The measure failed to pass during last year's legislative session after Democrats in the Assembly came out against it. Cuomo's seeking to strike a deal on the legislation this year.
“This antiquated law is repugnant to our values and we must repeal it once and for all and enact the nation's strongest protections for surrogates and parents choosing to take part in the surrogacy process,” Cuomo said.
“This year we must pass gestational surrogacy and expedite the second parent adoption process to complete marriage and family equality,” he continued.
Cuomo made the push the same day celebrities Andy Cohen and Michelle Buteau traveled to Albany to lend their support for the bill. Cohen recounted his own experience seeking a surrogate outside New York to have a child. Cohen is openly gay.
"I came to New York years ago so I could live my life openly, but I had to leave New York to start my family,” Cohen said. “New York has long been a leader in advancing the interests of women and the LGBTQ community, and it's time to keep that tradition alive by passing the Child-Parent Security Act.”
Legislation to legalize surrogacy in New York appeared poised to pass last year until Democrats in the Assembly came out against it, saying it would lead to the commercialization of women's bodies. Cuomo, and supporters of the bill, have disputed that prediction.
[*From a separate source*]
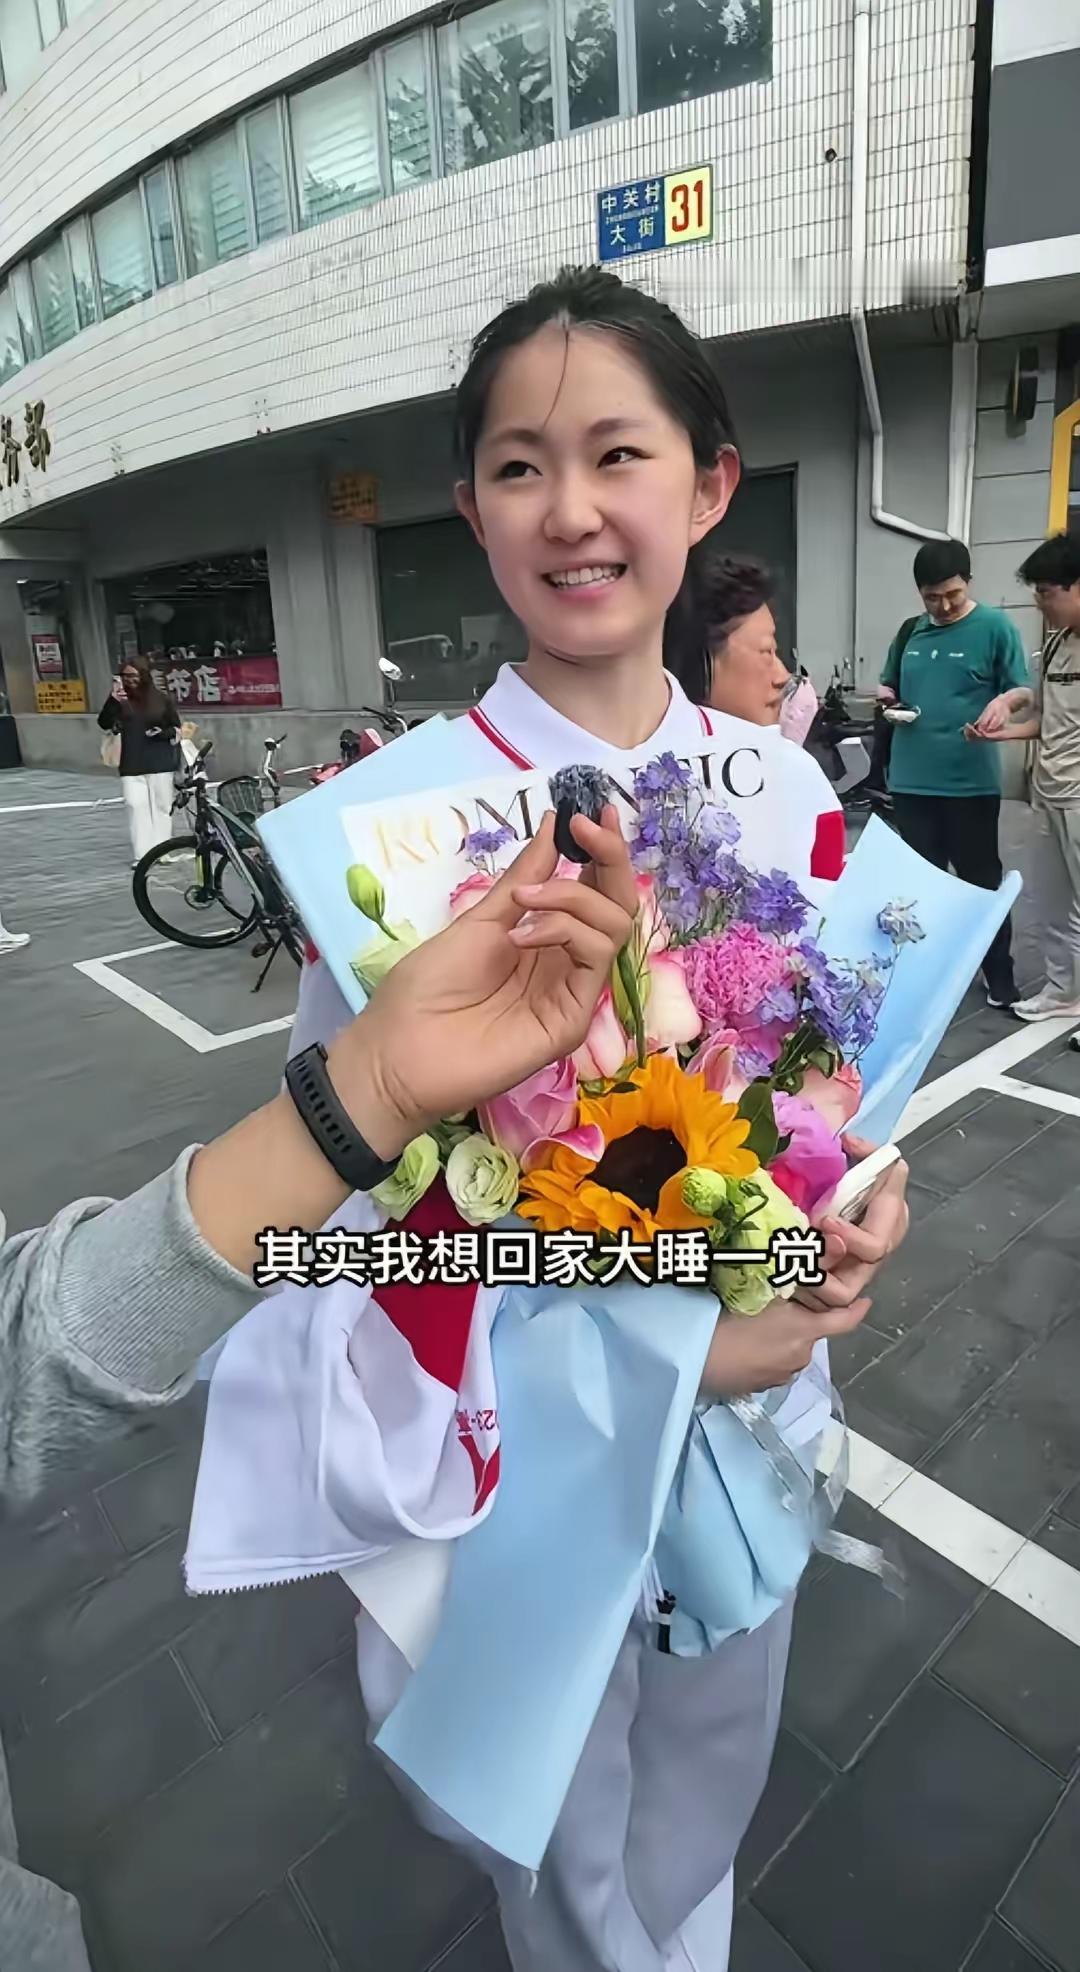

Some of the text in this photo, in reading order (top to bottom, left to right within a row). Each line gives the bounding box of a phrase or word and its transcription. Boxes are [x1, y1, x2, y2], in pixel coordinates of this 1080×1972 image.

[601, 181, 662, 215] 中关村
[670, 179, 704, 233] 31
[609, 216, 655, 246] 大街
The legislation, as written, would allow women to be paid to carry a child for someone who physically can’t, like same-sex couples or individuals who’ve had trouble conceiving on their own.
Women who agree to act as surrogates would have certain protections under the law — like the right to an attorney and health insurance, both of which would be paid for by the parent or parents whose child they’re carrying.
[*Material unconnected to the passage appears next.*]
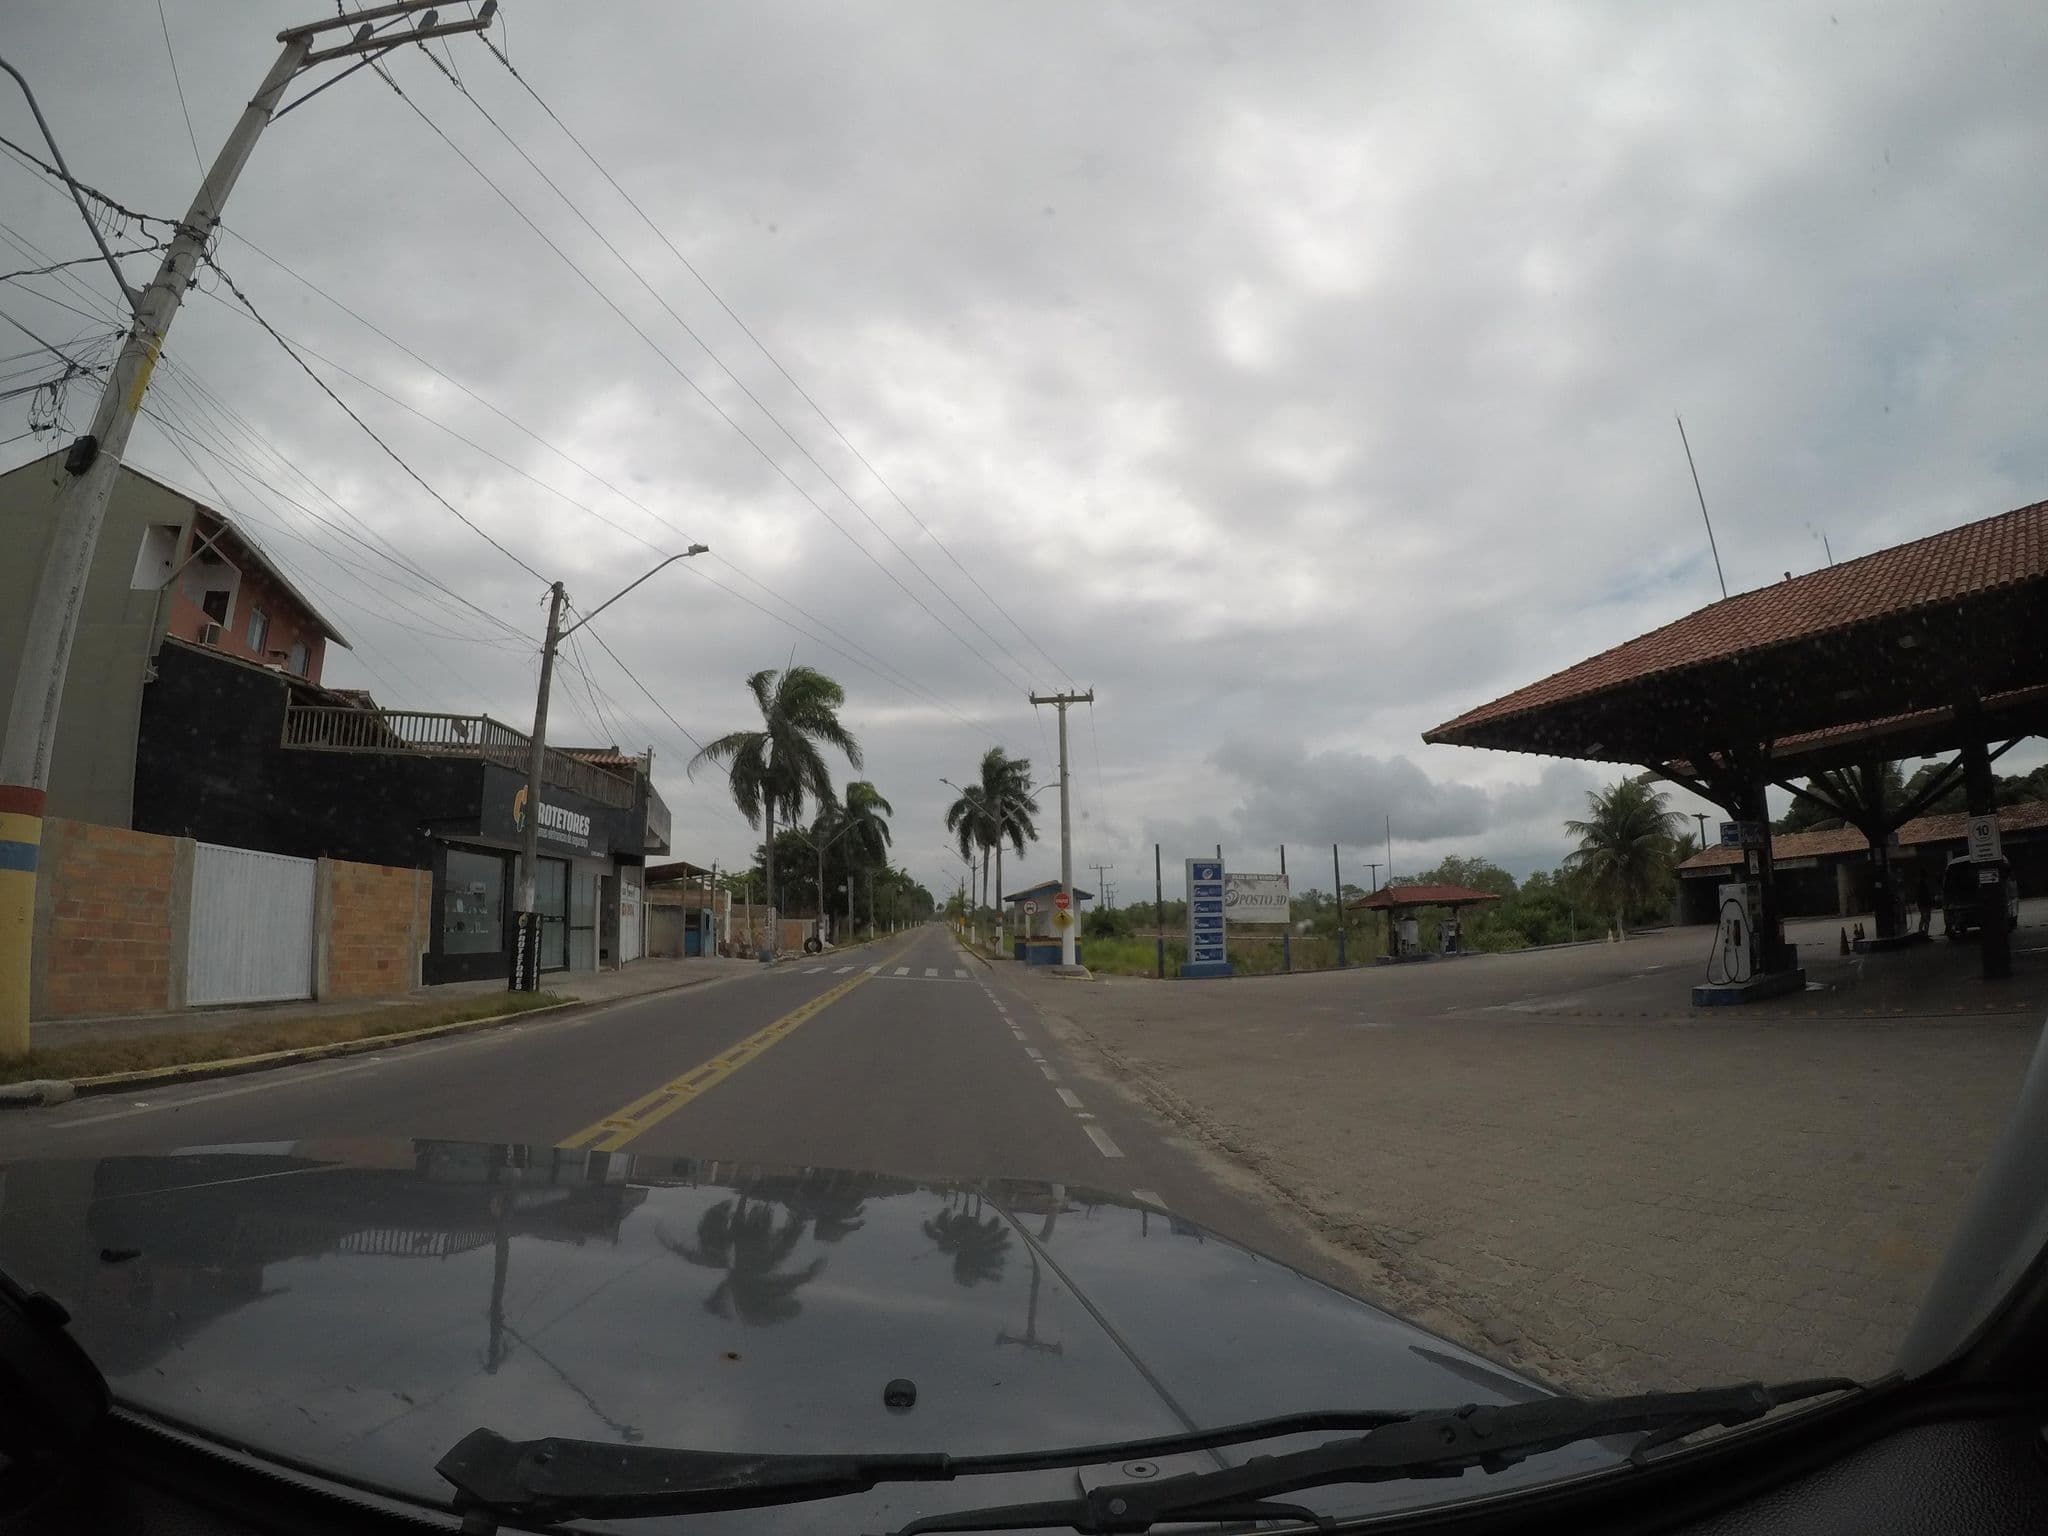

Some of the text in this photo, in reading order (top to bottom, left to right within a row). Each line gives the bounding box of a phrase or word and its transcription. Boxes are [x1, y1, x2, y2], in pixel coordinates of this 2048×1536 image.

[537, 802, 590, 836] ROTETORES
[1976, 824, 1989, 836] 10
[1239, 894, 1272, 905] POSTO
Surrogates would also have full control over their health care choices, including the ability to terminate a pregnancy on the same terms as any other pregnant individual.
The legislation is sponsored by State Sen. Brad Hoylman, a Democrat from Manhattan who’s also used a surrogate from another state to carry his children. He said Tuesday that Democrats in the Senate plan to pass the bill, but that questions remain about support in the Assembly.
“There’s strong conference support among Senate Democrats. Nothing has changed from last year in terms of cosponsors or a resolve to get it passed,” Hoylman said. “I think the question is the fact that it’s in the budget — and the Assembly.”
Assembly Speaker Carl Heastie, D-Bronx, said last year that a majority of his members had concerns with the legislation as it was written. Some were opposed to the idea of gestational surrogacy outright, while others wanted additional protections enacted for women.